Navigating relationships with a child’s birth parents can be complex for adoptive families, especially when challenges arise. How much should you share? When is it appropriate to involve birth parents, and when should boundaries be reinforced? In this conversation, adoption professionals Brenda McCreight and Lee Crawford explore these everyday dilemmas, offering guidance on setting healthy boundaries while keeping the child’s best interests at heart.
How should adoptive parents approach their child’s birth parents about difficulties they are having with their child?
Brenda: The birth parents and grandparents having some limited, continued contact is very appropriate. But that doesn’t mean [birth parents] have a responsibility or access to what’s going on in your family, and I think that it is really important to not be over-sharing. They’re not entitled to know everything that’s going on.
Lee: I think the challenges fall in the areas of boundaries — who is responsible for what for the child and entitlement issues. Sometimes birth parents, when they’re in an open relationship with the adoptive parents and adopted child, feel like they have the same rights and responsibilities in parenting as the adoptive parents do. Of course, that’s not really a legal point, that’s an emotional point for birth parents. And I think that sometimes adoptive parents feel obligated to meet all the needs of the birth parents, and that’s an emotional decision, not a legal-based decision. With those dynamics in play, there can be some confusion as to who needs to know what, when, and who are parenting the child. When in doubt, we need to go back to the adoptive parents and say that you’re ultimately the authority of this child. If contact, or sharing information with birth parents, is more distressing to a child, then it shouldn’t be done. I’m always looking at the needs of the child and how this communication impacts the child.
Let’s talk about some specific situations. How about a rebellious teen?
Brenda: If you’ve got a rebellious teen, they’re probably going to be contacting birth parents and wanting to go live with them anyway. So you may say “Look, they’re going through a difficult time now, they’re doing their rebellion,” and then you’ll ask the birth parents to cooperate in any way you need. In some cases that may be a request: “Please, don’t reply to this, I need you to back right out and let us handle this.” In other cases, it might be, “I need you to be willing to take him to stay with you for a while.” It’s very individual, but it has to be totally controlled by the adoptive parents and by what they believe is right for their family and their child. Sharing [of information to birth parents] should be judged on a case-by-case basis.
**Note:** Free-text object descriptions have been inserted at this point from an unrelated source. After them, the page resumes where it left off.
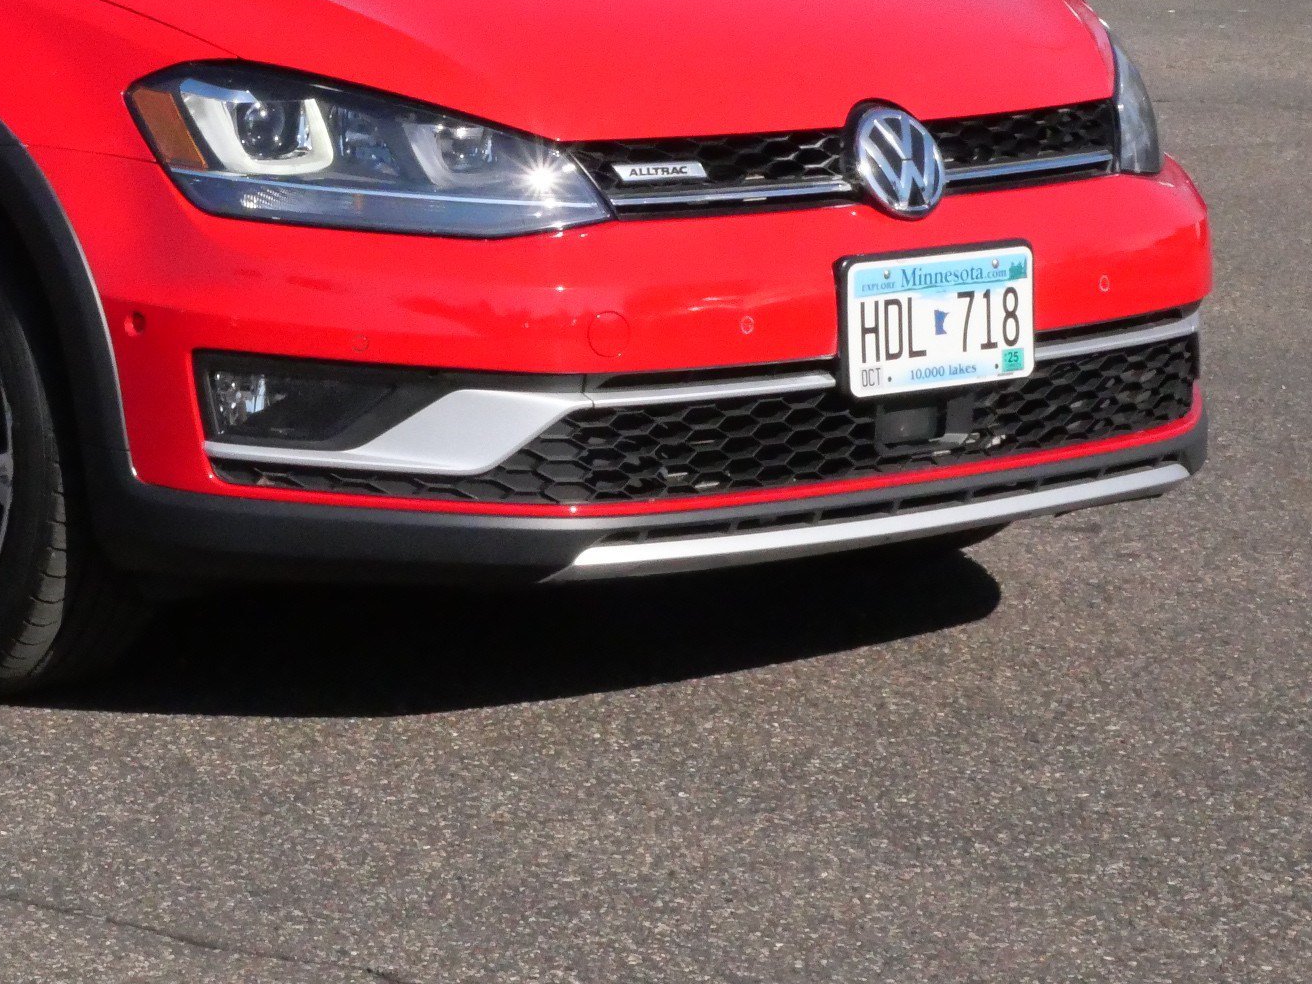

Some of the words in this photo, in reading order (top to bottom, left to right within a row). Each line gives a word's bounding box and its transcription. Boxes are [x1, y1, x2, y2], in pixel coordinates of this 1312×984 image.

[629, 166, 688, 177] ALLTRAC
[861, 282, 896, 292] EXPLORE
[860, 297, 927, 363] HDL
[957, 287, 1020, 352] 718
[1008, 352, 1020, 363] 25
[861, 368, 881, 388] OCT
[910, 365, 945, 380] 10,000
[948, 362, 977, 376] lakes
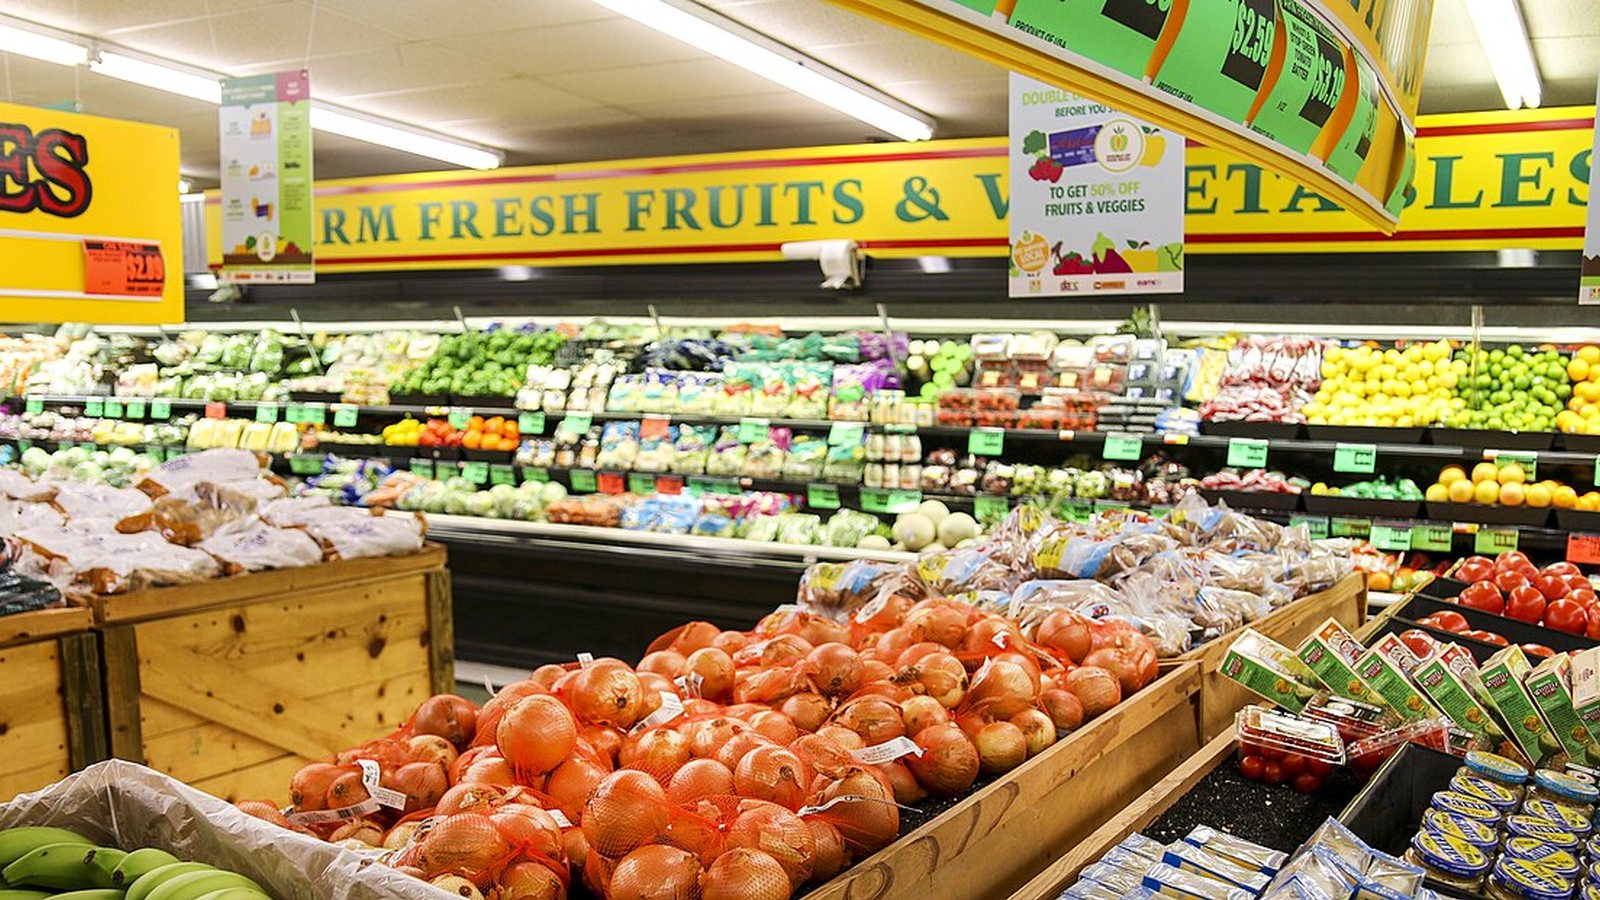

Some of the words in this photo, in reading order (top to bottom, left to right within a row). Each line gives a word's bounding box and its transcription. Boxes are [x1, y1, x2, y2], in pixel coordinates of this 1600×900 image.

[1231, 2, 1275, 67] $2.59
[1022, 89, 1069, 106] DOUBLE
[1055, 105, 1087, 117] BEFORE
[1088, 104, 1106, 114] YOU
[1050, 186, 1064, 199] TO
[1067, 185, 1088, 198] GET
[1091, 183, 1115, 196] 50%
[1119, 181, 1141, 195] OFF
[314, 203, 399, 245] RM
[417, 192, 602, 241] FRESH
[623, 179, 865, 232] FRUITS
[895, 175, 950, 224] &
[1045, 203, 1083, 216] FRUITS
[1085, 201, 1094, 214] &
[1097, 199, 1145, 213] VEGGIES
How about a new medical diagnosis?
Lee: Sometimes adoptive parents will go ahead and give information to the birth family about a diagnosis. In terms of communicating to the birth parents, we can describe a child’s behaviour, but if we say the child’s been diagnosed with ‘X,’ that brings up all sorts of labelling concerns for birth parents. Talk about the strengths and the challenges, work being done, the steps that the child has made in dealing with this challenge – the context around the diagnosis instead of using the labels. Describing behaviours is more to the point; it’s more measurable to the birth parents.
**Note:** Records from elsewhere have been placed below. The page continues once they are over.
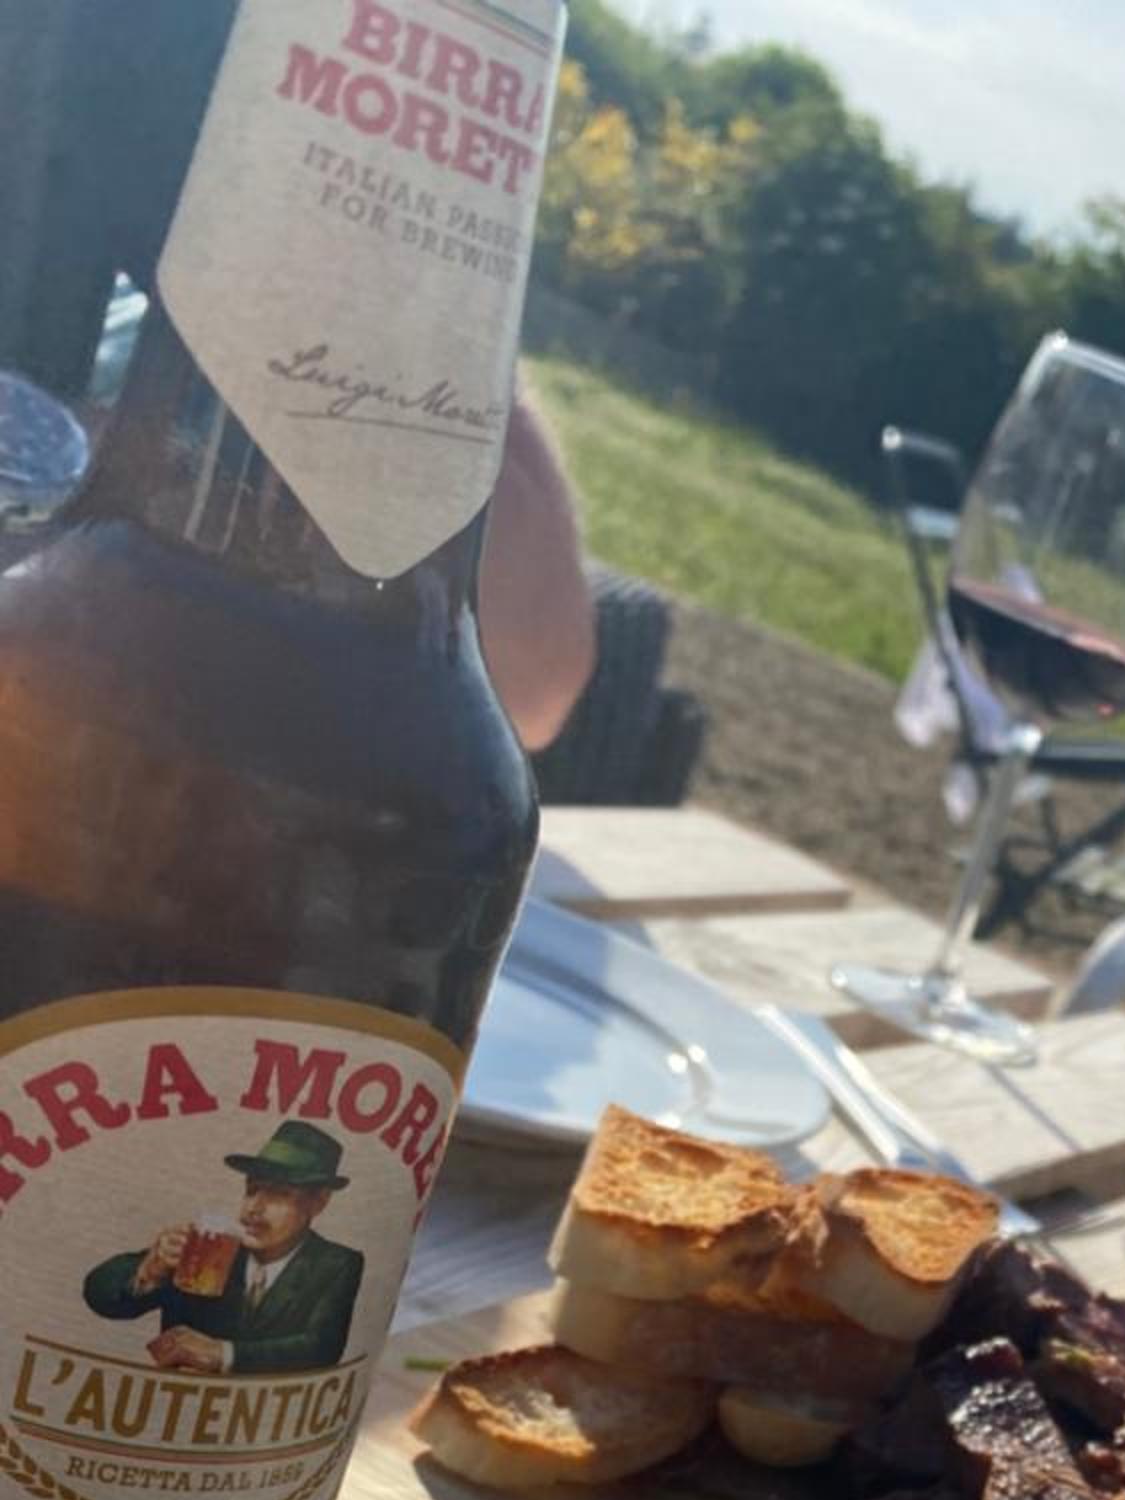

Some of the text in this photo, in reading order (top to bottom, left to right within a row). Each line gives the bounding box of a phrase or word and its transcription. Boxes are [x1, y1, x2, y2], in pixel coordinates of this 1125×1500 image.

[304, 142, 437, 219] ITALIAN
[320, 182, 388, 234] FOR
[239, 1039, 447, 1233] MORE
[13, 1350, 357, 1444] L'AUTENTICA
[66, 1456, 191, 1493] RICETTA
[199, 1472, 252, 1493] DAL
It’s the right of the family to decide their boundaries about how much information goes back and forth. I encourage the parents to think of the usefulness of this communication, for the sake of the child, but also to help the birth mother not live in the dark about how their child is evolving. You can give an overview of how the child is doing without getting into specifics.
Brenda: In terms of medical diagnosis, special needs, FASD, that kind of thing, I think that depends on how the adoptive parents would share it with anyone. Maybe they do need to know. But people have to look at why are you sharing this information.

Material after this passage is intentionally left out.